Reasonable accommodations in CDSS and DHCS programs

The California Department of Social Services (CDSS) and the Department of Health Care Services (DHCS) have issued a joint letter reminding counties of their obligation to ensure equal access to persons with disabilities to state and federal funded programs.  This includes providing reasonable accommodations to qualified persons with disabilities and effective communication through auxiliary aids and services.  These obligations apply to all county administered programs, services and activities funded by, or with federal pass-through funds from CDSS and/or DHCS.  These obligations also apply to county contractors and vendors that provide program benefits or services.

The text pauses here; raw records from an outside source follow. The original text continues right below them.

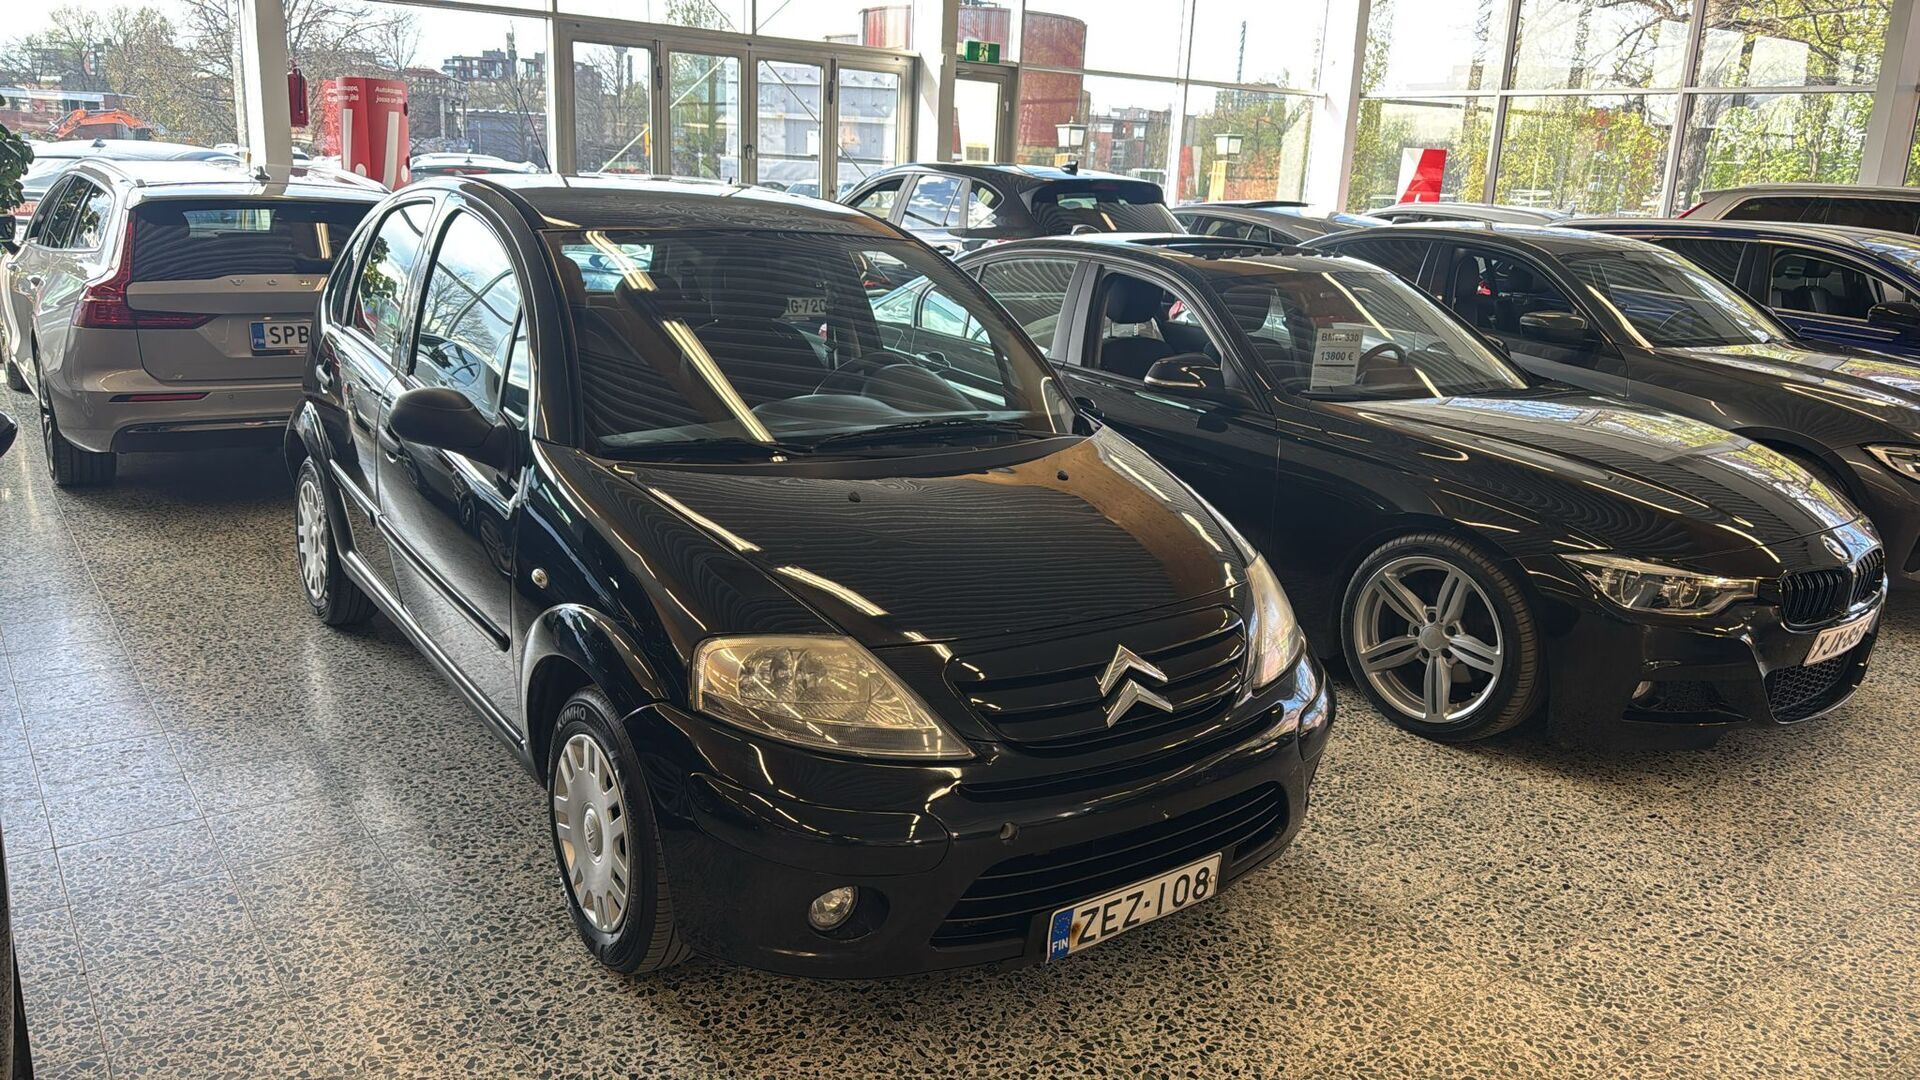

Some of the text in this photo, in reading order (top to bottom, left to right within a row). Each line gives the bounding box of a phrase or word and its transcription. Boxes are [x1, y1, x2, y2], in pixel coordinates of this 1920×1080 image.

[269, 326, 309, 344] SPB
[1344, 333, 1360, 342] 330
[1320, 351, 1354, 361] 13800 €
[557, 706, 587, 731] KUMHO
[1051, 866, 1211, 953] FIN ZEZ-108

Counties must adopt written policies detailing how they will comply with these requirements.  Counties must have a procedure for complaints regarding disability discrimination, including failure to provide a reasonable accommodation.  Counties must inform clients of the county complaint procedure and they may file discrimination complaints with the appropriate state or federal agency.

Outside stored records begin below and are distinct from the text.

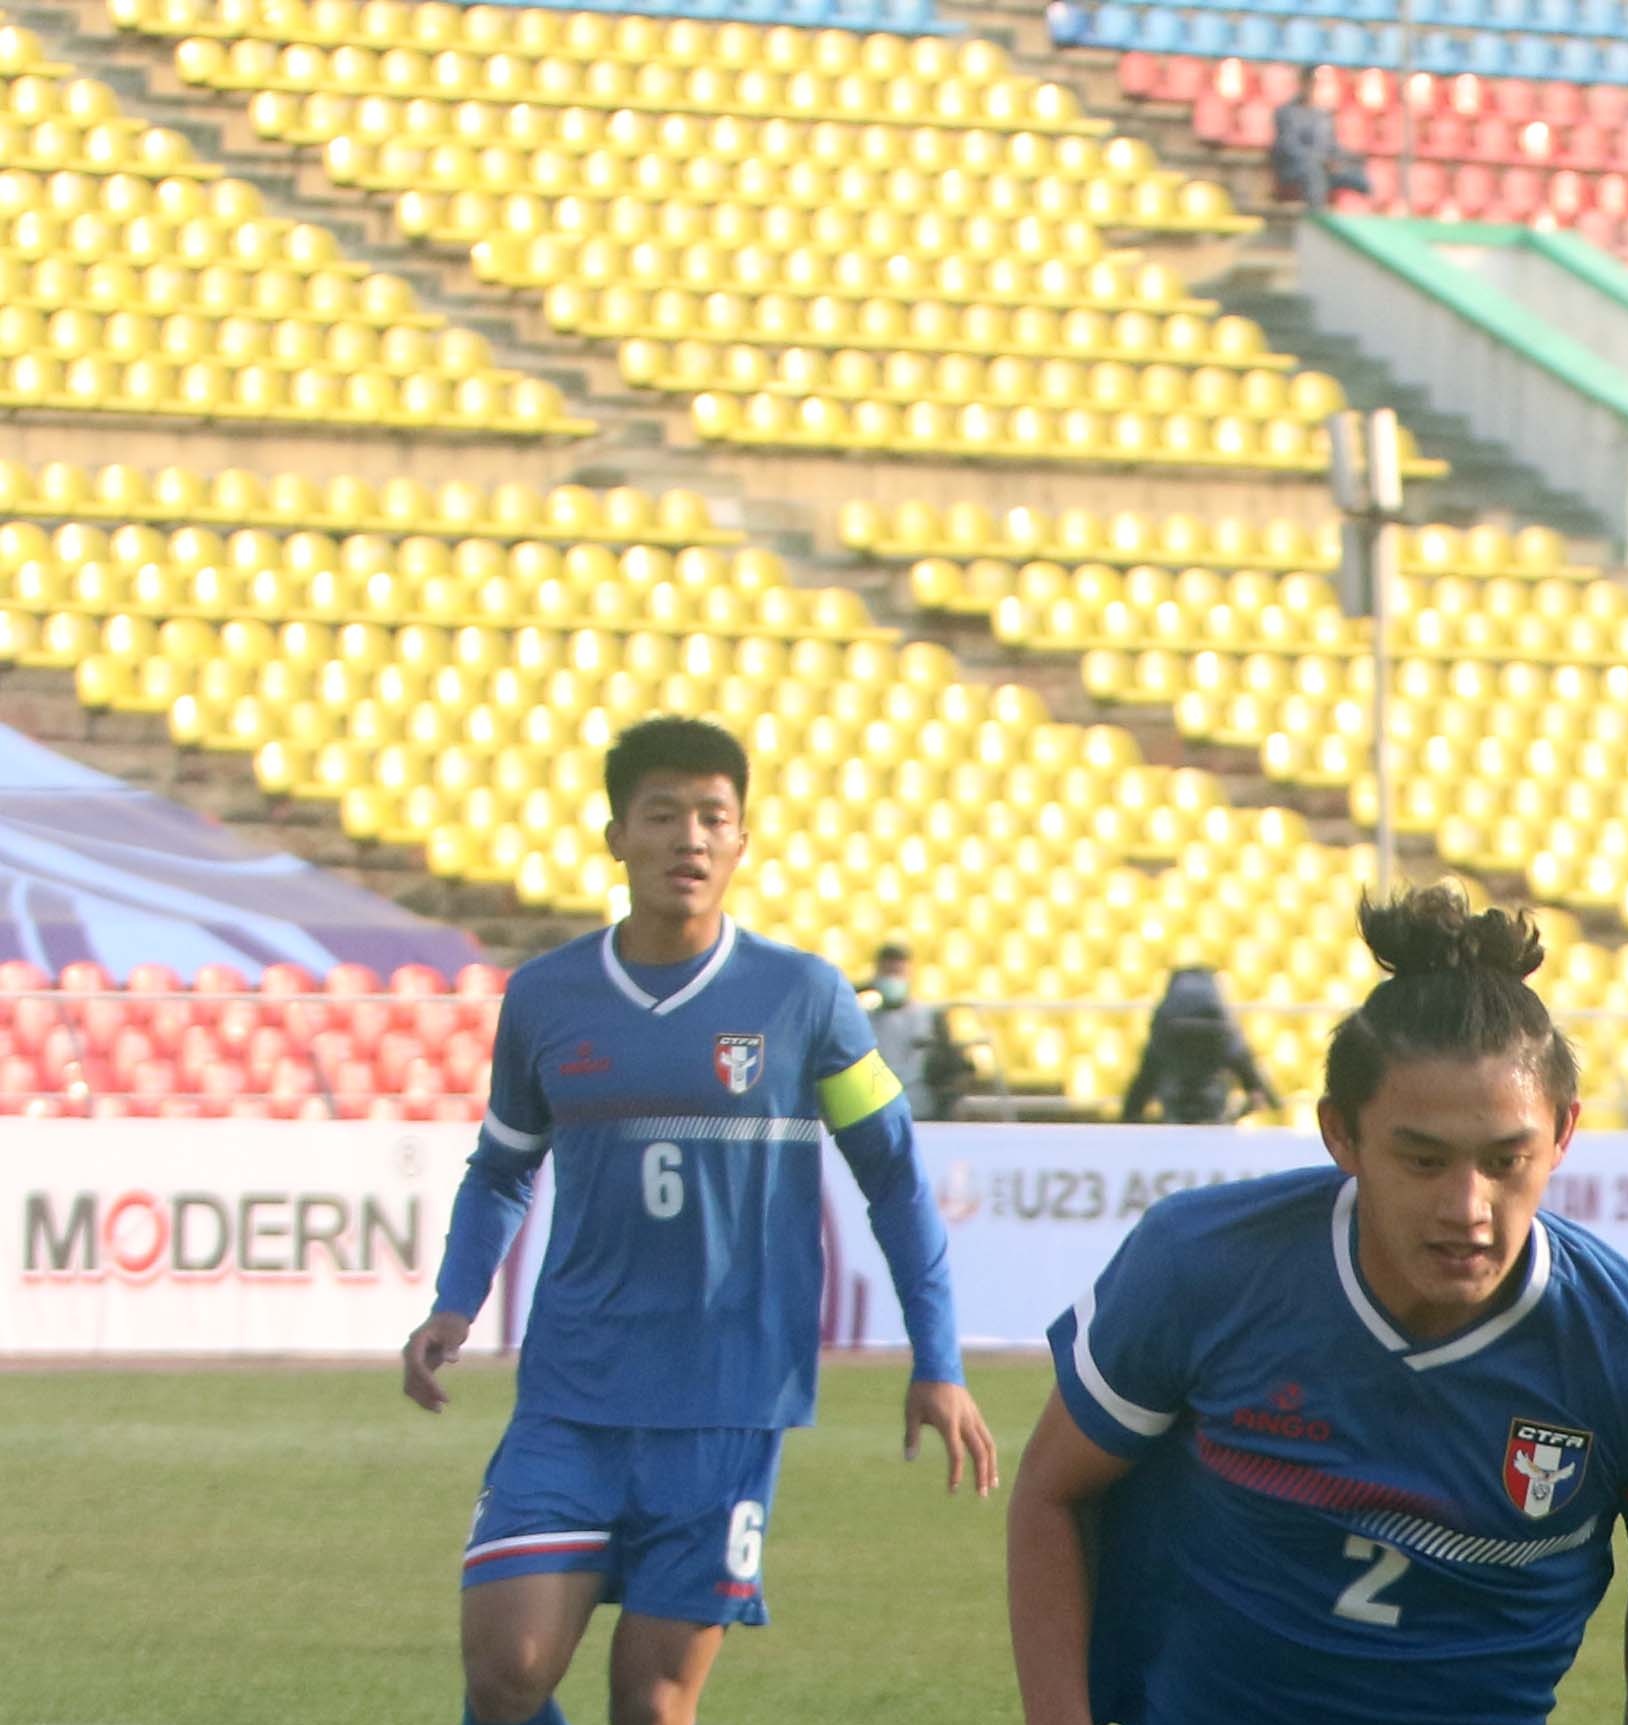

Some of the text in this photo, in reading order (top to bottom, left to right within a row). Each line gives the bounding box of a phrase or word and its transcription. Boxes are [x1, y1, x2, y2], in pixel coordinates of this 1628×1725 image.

[642, 1141, 684, 1219] 6
[23, 1187, 422, 1273] MODERN
[1517, 1426, 1584, 1448] CTFA
[726, 1500, 764, 1579] 6
[1333, 1534, 1411, 1627] 2

Title II of the Americans with Disabilities Act (ADA) prohibits counties from excluding from participation, denying benefits or services to, or discriminating against any qualified person with a disability.  A qualified person with a disability is a person with a disability who, with or without accommodation, meets the essential eligibility requirements for the program provided by the public entity.  Disability is a physical or mental impairment that substantially limits one or more major life functions, a record of such an impairment or being regarded as having such an impairment.  California law defines disability more broadly by removing the word “substantially” from the definition of disability, and counties are required to follow California law.  The ADA also guarantees equal access to individuals who have a relationship or association with a disabled person.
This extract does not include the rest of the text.